> SUPPLIED MATERIAL:
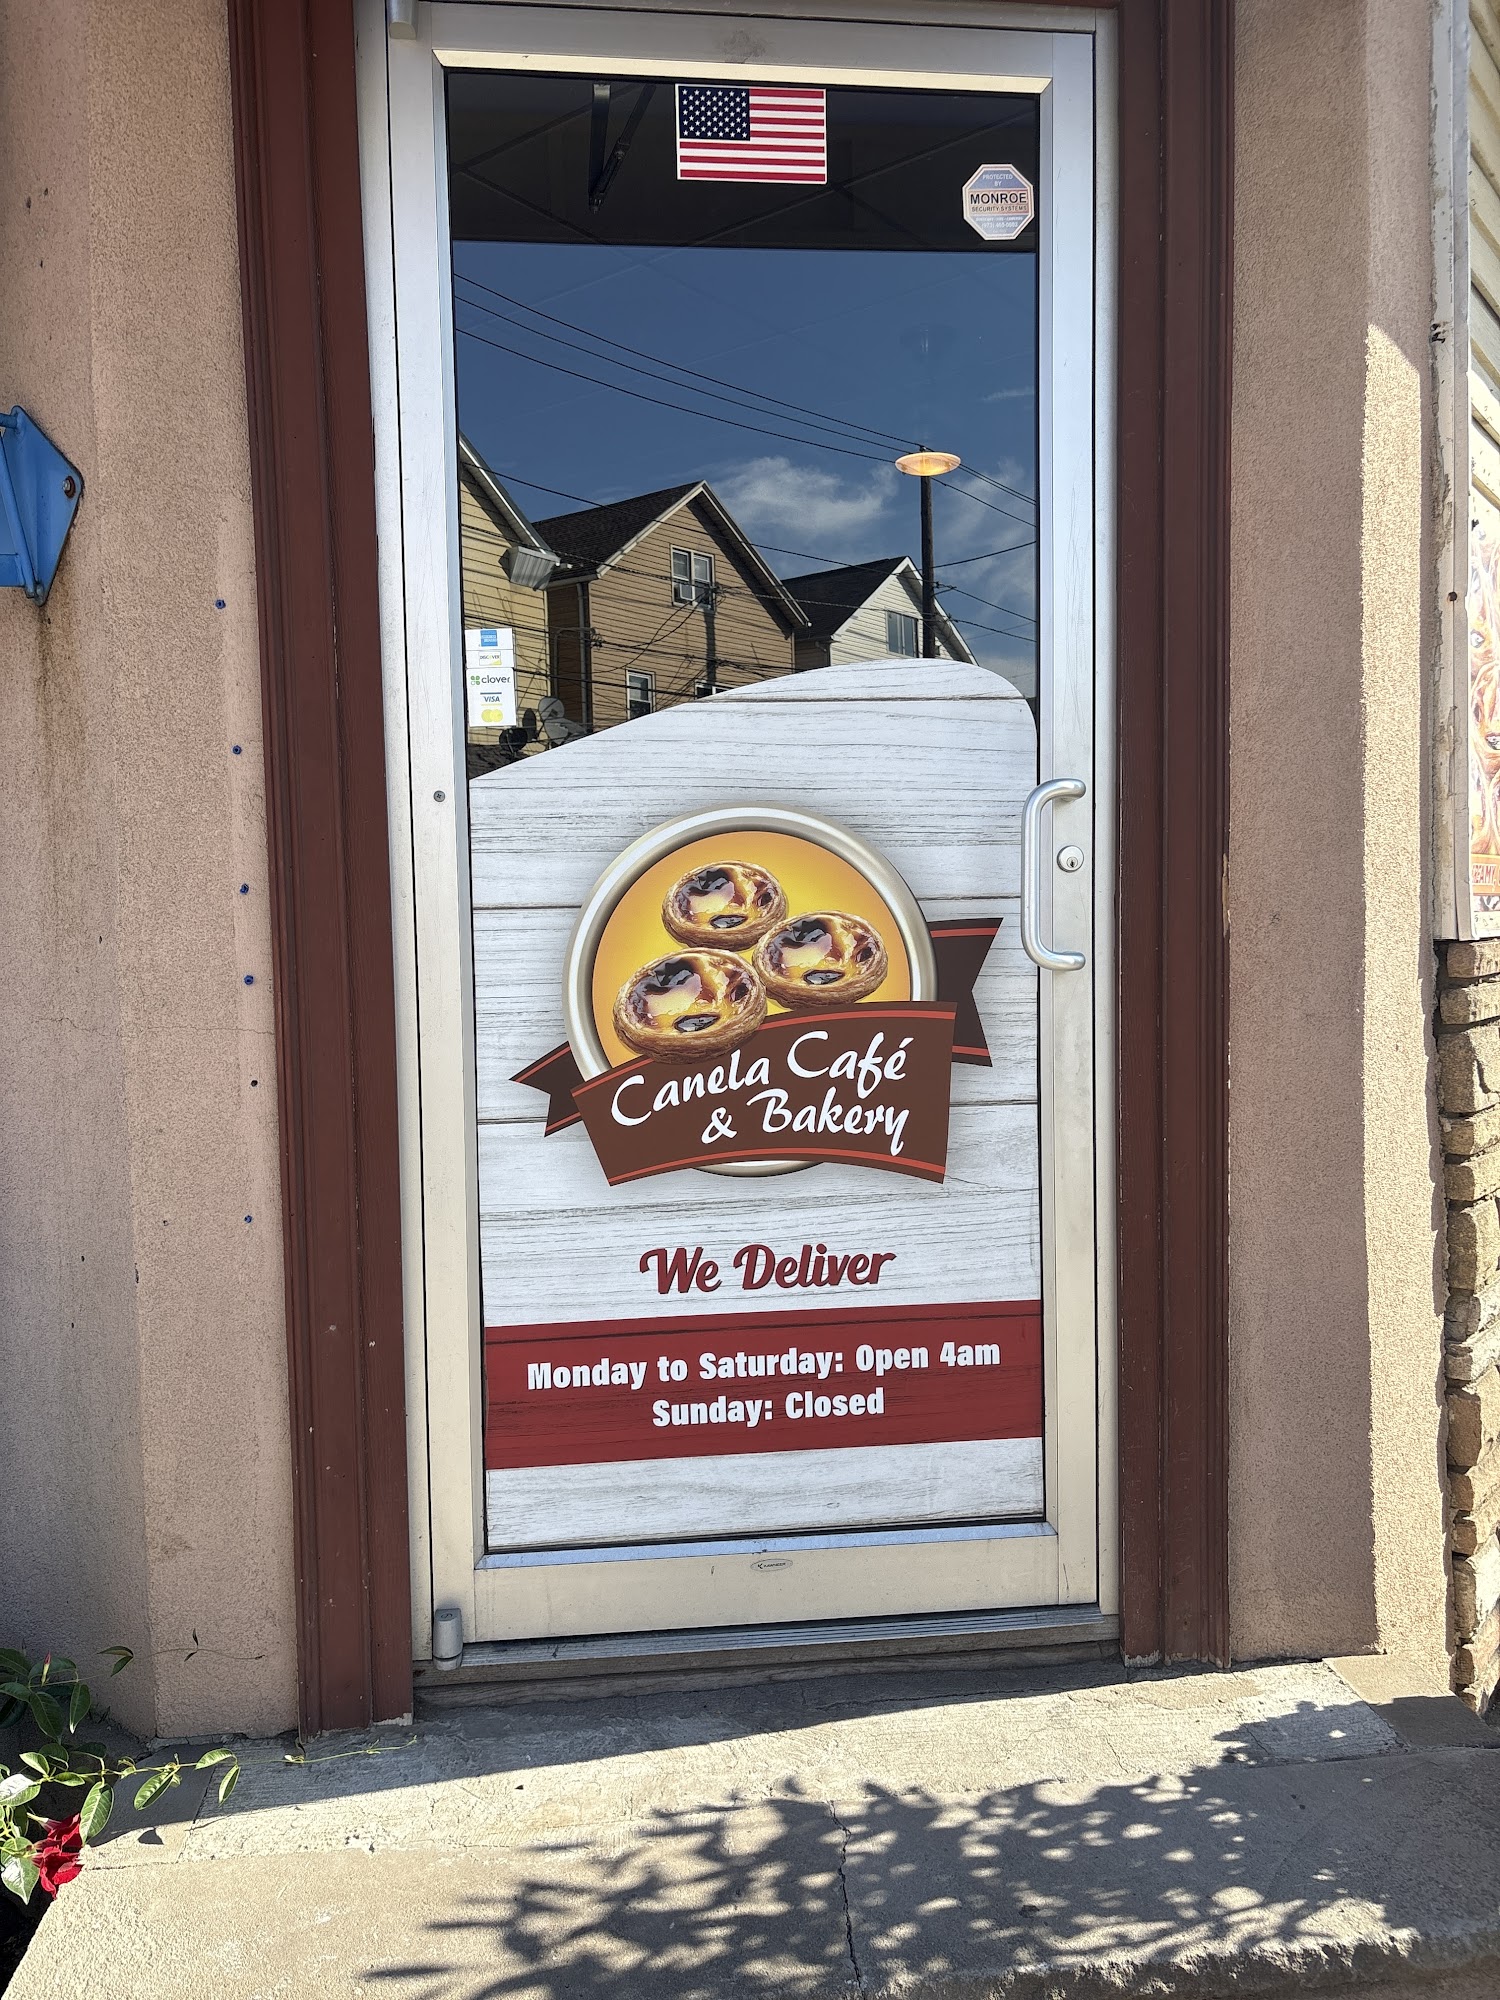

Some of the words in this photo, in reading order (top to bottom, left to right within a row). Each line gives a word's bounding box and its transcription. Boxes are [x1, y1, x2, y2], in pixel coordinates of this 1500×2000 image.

[970, 192, 1027, 205] MONROE
[481, 674, 511, 684] clover
[483, 695, 500, 703] VISA
[611, 1049, 770, 1127] Canela
[787, 1030, 914, 1098] Café
[701, 1106, 738, 1145] &
[746, 1087, 910, 1156] Bakery
[639, 1246, 723, 1295] We
[732, 1243, 897, 1290] Deliver
[527, 1358, 647, 1391] Monday
[656, 1355, 689, 1383] to
[699, 1347, 844, 1381] Saturday:
[855, 1341, 930, 1376] Open
[939, 1341, 1001, 1368] 4am
[652, 1394, 773, 1429] Sunday:
[785, 1387, 885, 1421] Closed
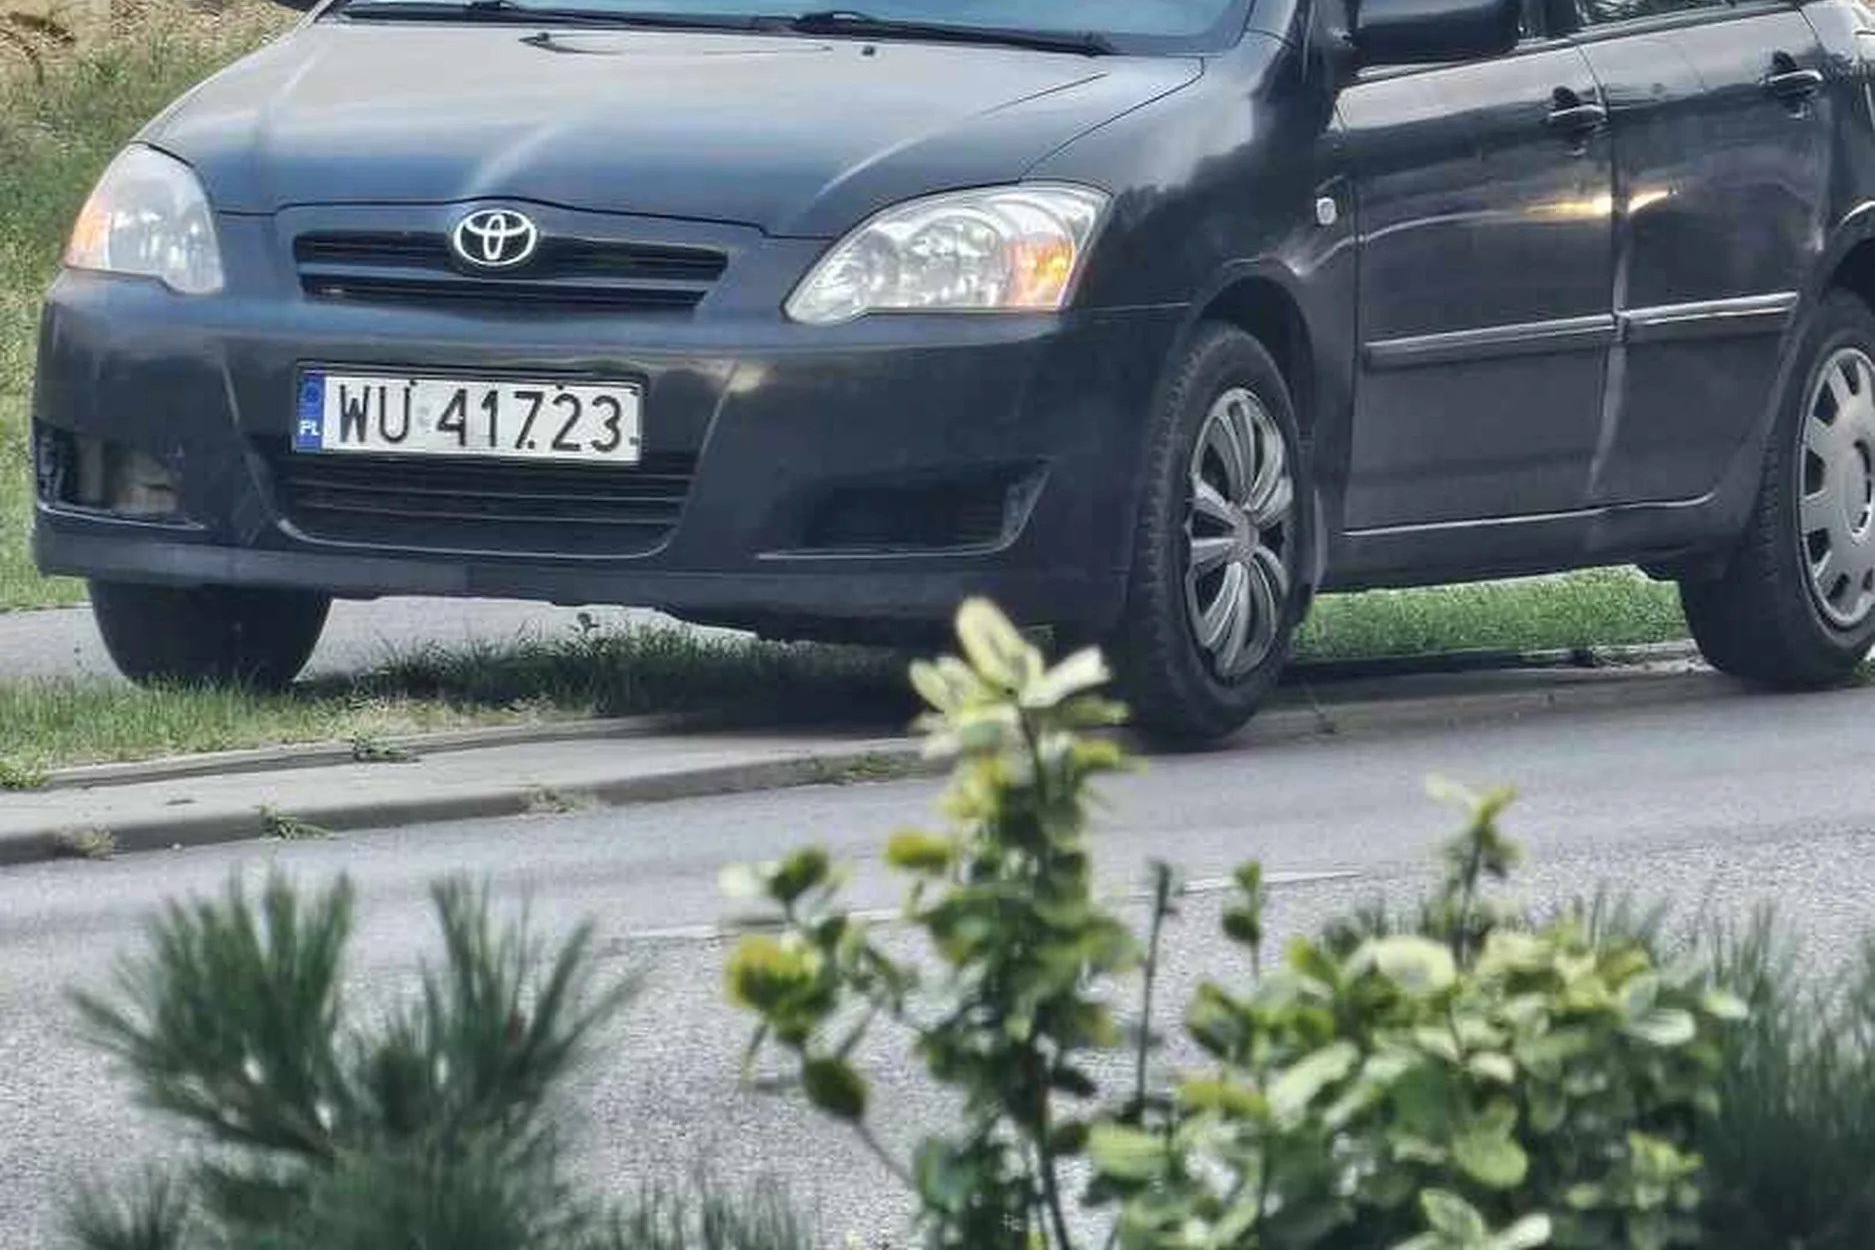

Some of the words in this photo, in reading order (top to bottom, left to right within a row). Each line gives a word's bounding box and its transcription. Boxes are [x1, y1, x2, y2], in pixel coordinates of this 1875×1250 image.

[300, 420, 320, 436] PL
[339, 384, 411, 444] WU
[436, 388, 622, 453] 41723
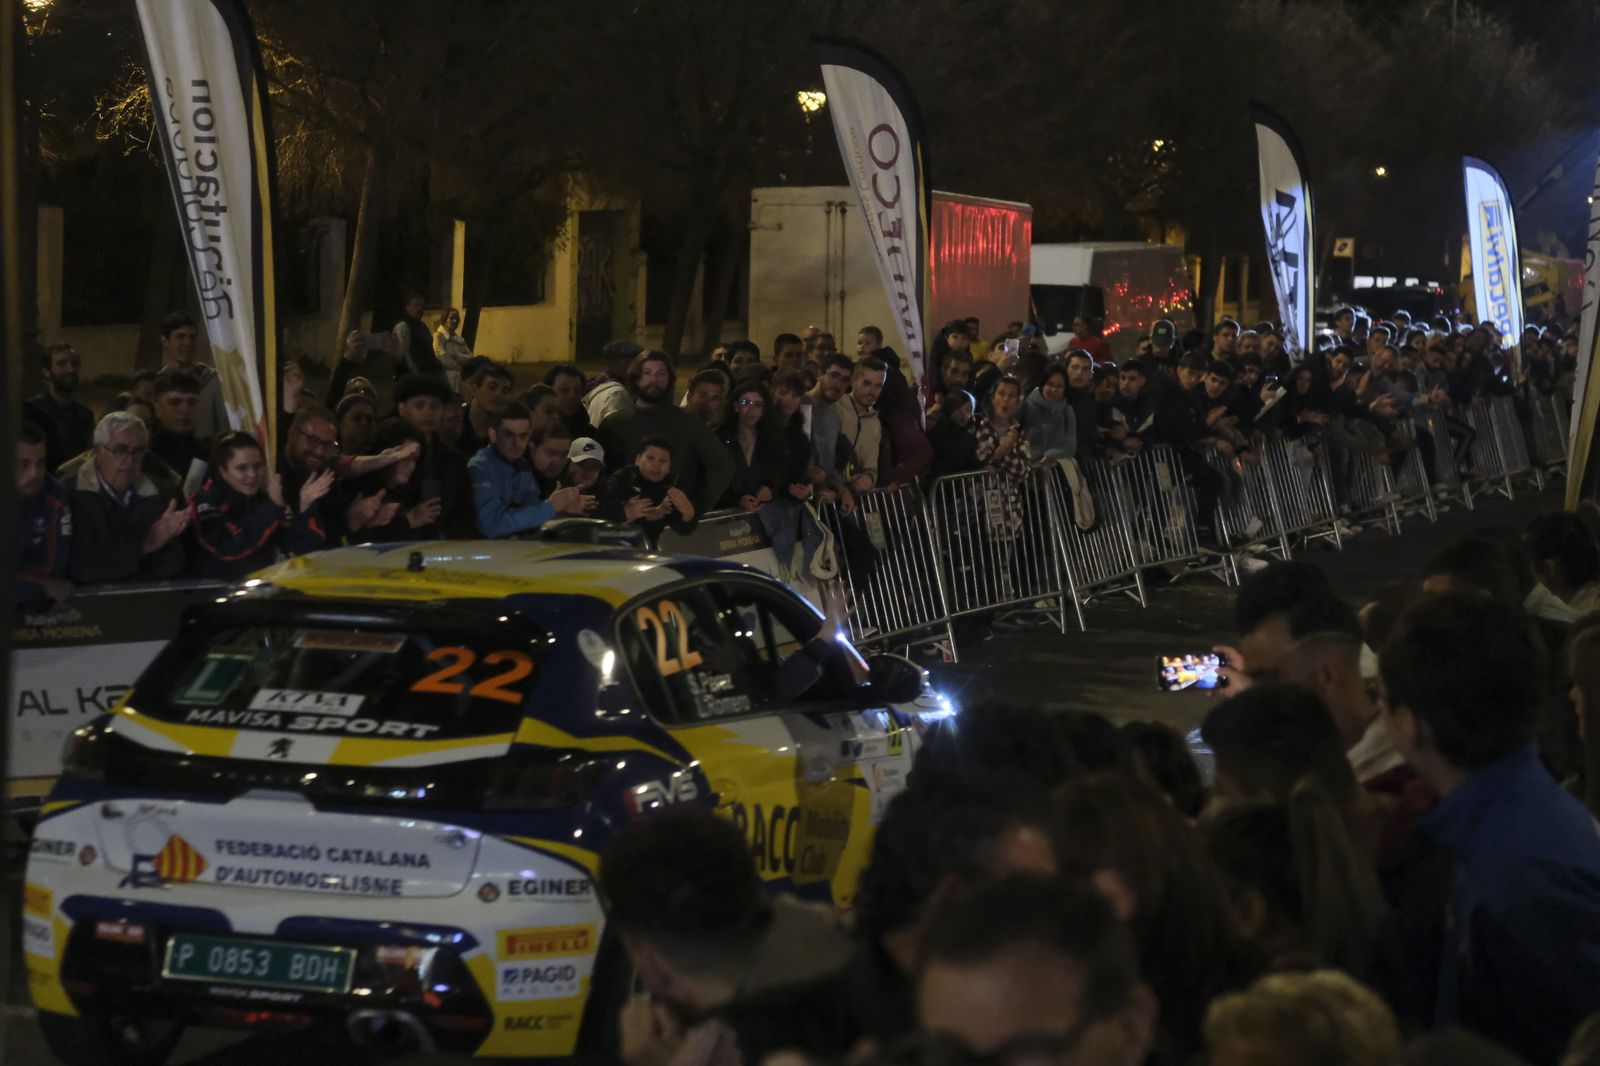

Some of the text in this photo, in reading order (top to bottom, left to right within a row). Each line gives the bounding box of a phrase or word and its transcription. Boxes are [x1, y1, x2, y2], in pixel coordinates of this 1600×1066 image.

> TASK ITEM: Repeat every entry exactly. Do not include the pictures.

> RESPONSE TO THE EXERCISE:
Some of the words in this photo, in reading order (top to bottom, left to right within a row). Each line gives a word's bounding box and its transcription. Boxes are [x1, y1, x2, y2], in pixel coordinates of this 1500×2000 image.

[970, 192, 1027, 205] MONROE
[481, 674, 511, 684] clover
[483, 695, 500, 703] VISA
[611, 1049, 770, 1127] Canela
[787, 1030, 914, 1098] Café
[701, 1106, 738, 1145] &
[746, 1087, 910, 1156] Bakery
[639, 1246, 723, 1295] We
[732, 1243, 897, 1290] Deliver
[527, 1358, 647, 1391] Monday
[656, 1355, 689, 1383] to
[699, 1347, 844, 1381] Saturday:
[855, 1341, 930, 1376] Open
[939, 1341, 1001, 1368] 4am
[652, 1394, 773, 1429] Sunday:
[785, 1387, 885, 1421] Closed

Some of the words in this photo, in reading order (top to bottom, left to right within a row). Each line gives a word's bounding box and its transcription. Boxes are [x1, y1, x2, y2], in pixel coordinates of this 1875×1250 image.

[300, 420, 320, 436] PL
[339, 384, 411, 444] WU
[436, 388, 622, 453] 41723

Some of the text in this photo, in reading order (top to bottom, left to right within a row). Each line gives the bounding box of a phrase or word and its transcription. Boxes are [x1, y1, x2, y2], in pixel coordinates of this 1600×1066 image.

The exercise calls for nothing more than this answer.